MATERIAL SHOWN ▸
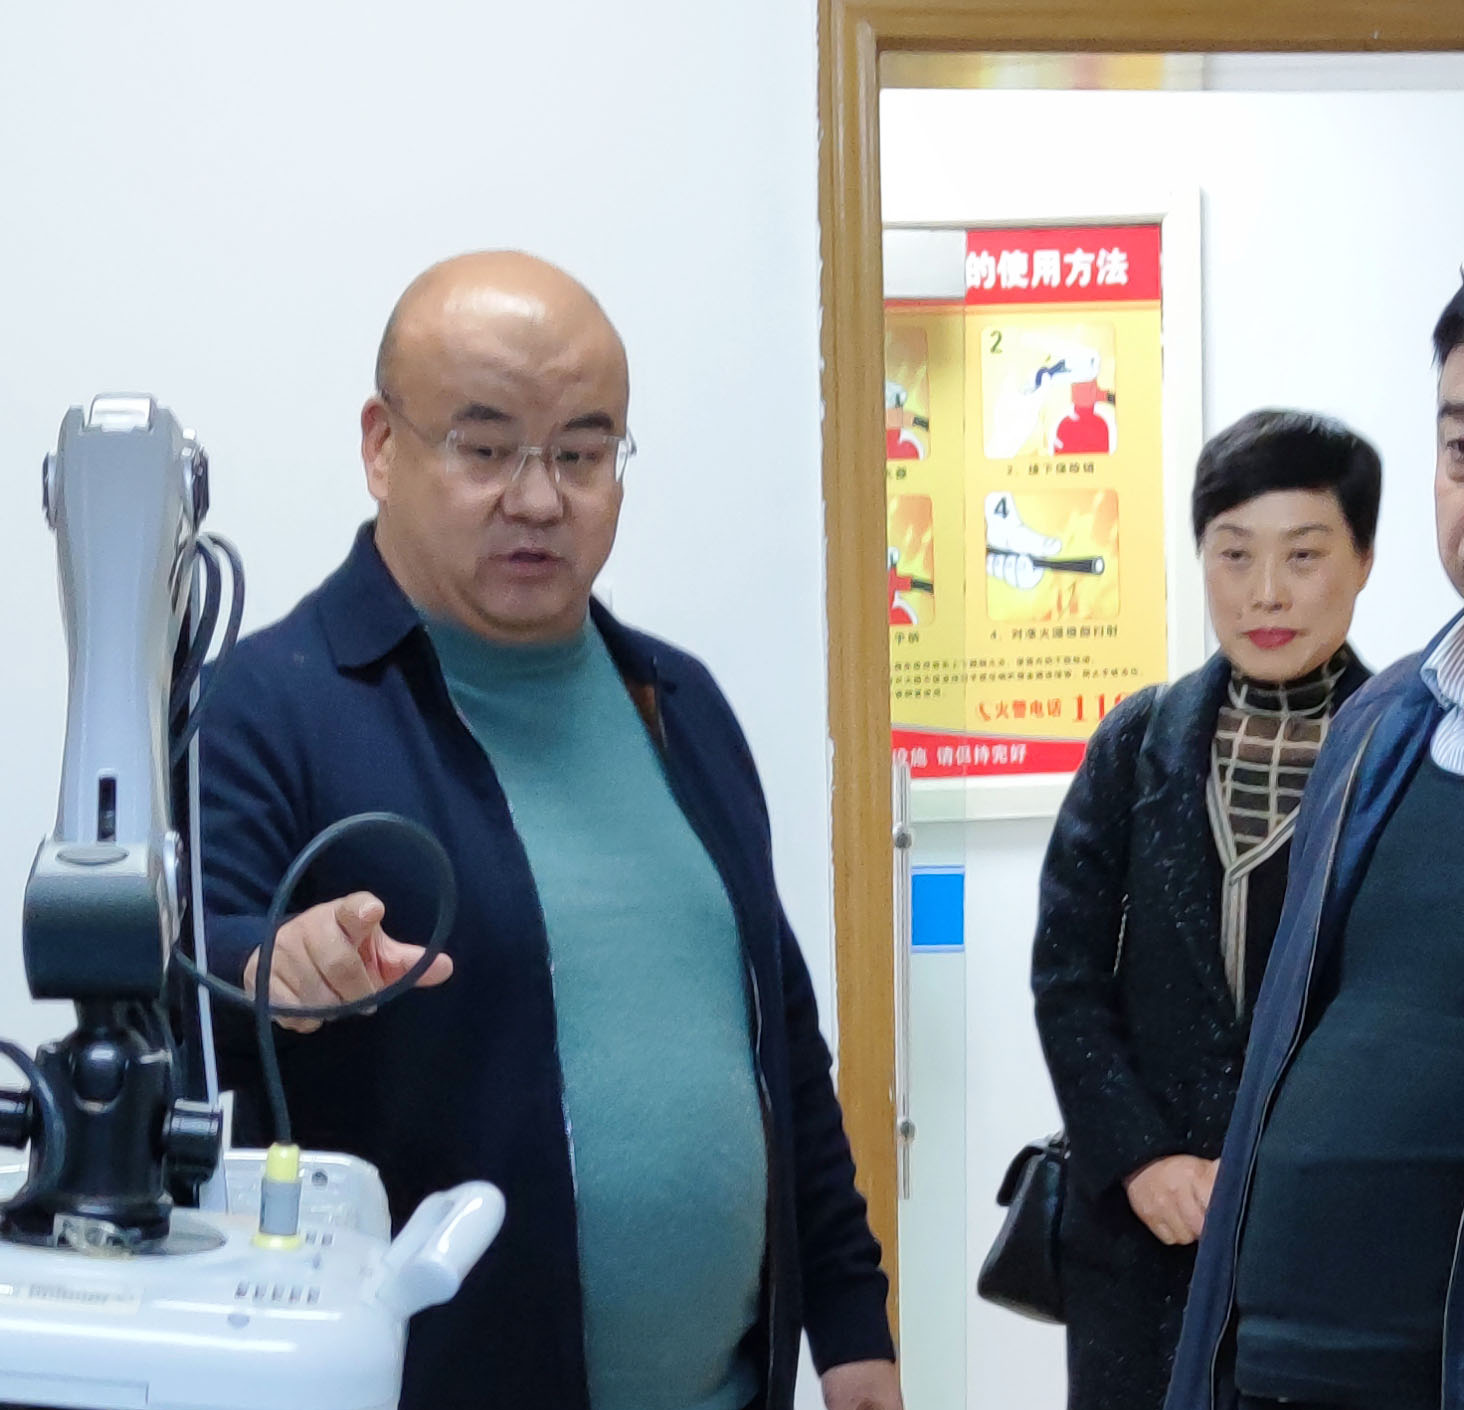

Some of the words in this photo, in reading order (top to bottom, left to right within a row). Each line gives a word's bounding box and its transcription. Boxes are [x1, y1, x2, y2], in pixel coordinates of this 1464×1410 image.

[966, 247, 1129, 289] 的使用方法
[990, 330, 1003, 353] 2
[993, 497, 1009, 519] 4
[995, 698, 1062, 720] 火警电话

ACTIVITY ▸ Copy all records exactly; omit images.

OUTPUT FOR THIS TASK ▸
Some of the words in this photo, in reading order (top to bottom, left to right within a row). Each line gives a word's bounding box and its transcription. Boxes are [x1, y1, x2, y2], in pixel coordinates of this 1464×1410 image.

[966, 247, 1129, 289] 的使用方法
[990, 330, 1003, 353] 2
[993, 497, 1009, 519] 4
[995, 698, 1062, 720] 火警电话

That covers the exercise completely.